I’ve decided I don’t want to have to rely on other people all the time, and I really don’t need to. It’s the little things I can do that make me feel good. For instance, the other day my vision teacher went with me to my bank, and I filled out my own deposit slip. I used the ATM without help. I used to worry about little things like that, and now I’m wondering why. I think I’ll be able to manage most things life is going to throw at me. My teacher says it’s a sign of maturity. She has also complimented me for being her first visually impaired student to go to college.
I may be sounding self-important, but I just want kids who are visually impaired to know they’ll be all right if they can take advantage of the opportunities. I take advantage of my Braille classes now. I take advantage of the time my teacher wants to spend showing me how to walk with my cane, I take advantage of audio book services.
There is so much help out there, a person with visual impairment would be crazy to not try to learn something that will help them be more independent and more safe. And whoever cares for and teaches kids like me should be ashamed of themselves if they don’t take the trouble to find out what’s out there. Sure, it bothers me that I can’t see very well, but I know I’m going to be all right, because I have people who care.
Chapter 7: Driving
Every teenager looks forward to getting a driver’s license. It’s a sign of freedom and independence with added responsibility.
I have known since I was eleven I would not be allowed to drive. It didn’t bother me too much then, and I really didn’t think about it. The days before I turned sixteen, though, were a different story. I was angry and sad at the same time. I cried and asked why this horrible condition had to be part of me. When I turned sixteen, not being able to drive hit me hard, even though Mom always told me I can’t throw a pity party that lasts more than one day.
My parents bought me a go cart and an ATV a few years back. We live in the country, where they let me drive on old abandoned dirt roads and in the fields. One day, Mom, Dad, and I went ATV riding with my aunt and uncle.
My ATV was not as powerful as my dad’s and uncle’s. Mom saw that I was having difficulty keeping up and trying to see which direction everyone else was heading. She decided to ride with me, which must have boosted my confidence, because I drove faster.
She kept telling me to slow down, but I didn’t listen. She screamed that we were heading for a ditch, but I couldn’t stop, and we went airborne. Our ATV rolled at least three times, and we were both thrown off. My uncle had to flip his machine to avoid us, as we tumbled down the road. My aunt broke her ankle, and Mom and I had “road rash” all over our bodies.
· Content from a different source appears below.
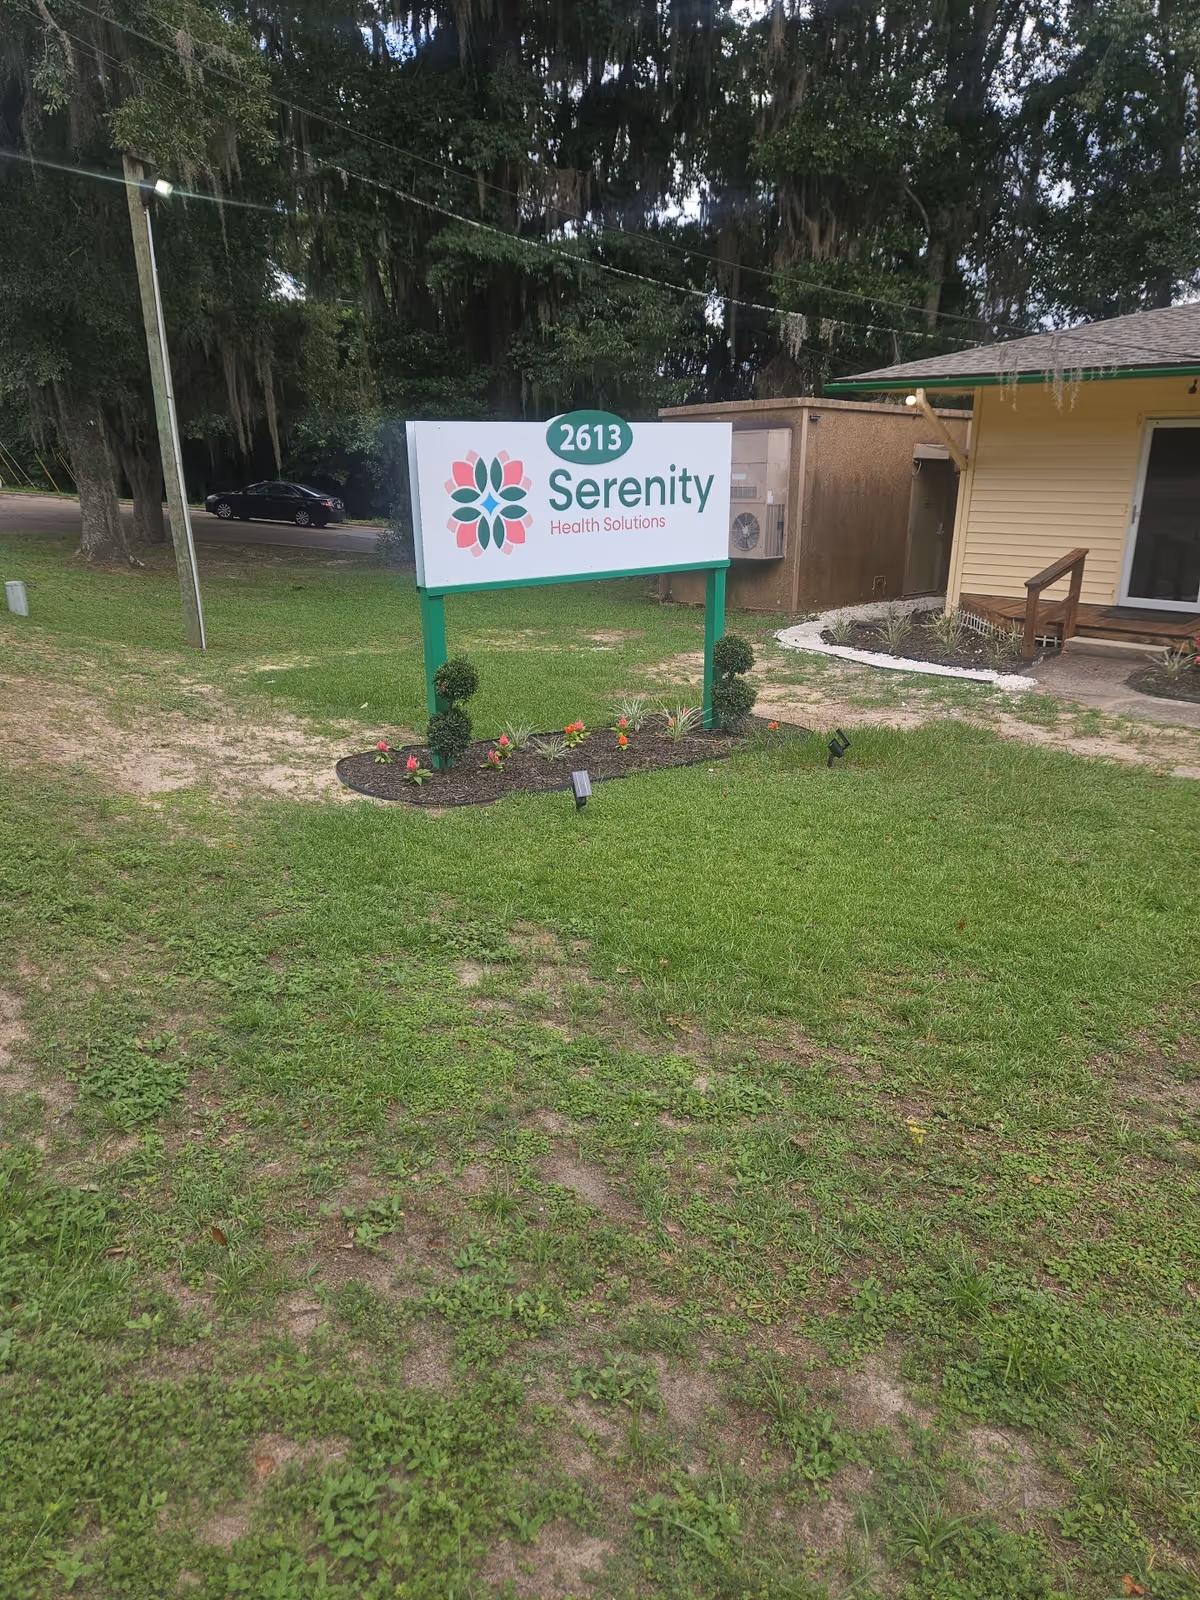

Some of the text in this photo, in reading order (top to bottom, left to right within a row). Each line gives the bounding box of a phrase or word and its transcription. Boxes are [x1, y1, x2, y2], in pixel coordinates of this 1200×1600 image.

It was a hard lesson, but it taught me I had no right to put myself or others in that kind of danger again.
I’ve thought long and hard about how I’ll be able to get from one place to another without a driver’s license. I’ve come up with two solutions: a horse and cart or a moped. My retinal specialist says if I go slow and stay on roads less traveled, I should be fine. I wouldn’t be able to drive in the city, but it would give me a little independence. This is just one of the many ways I’m having to learn to adapt.
Chapter 8: Adapting
It was Mother’s Day, and I wanted to do something special. I woke up in the morning and took off to the upper fields above our pasture. I love to sit there and feel the breeze and the warmth of the sun.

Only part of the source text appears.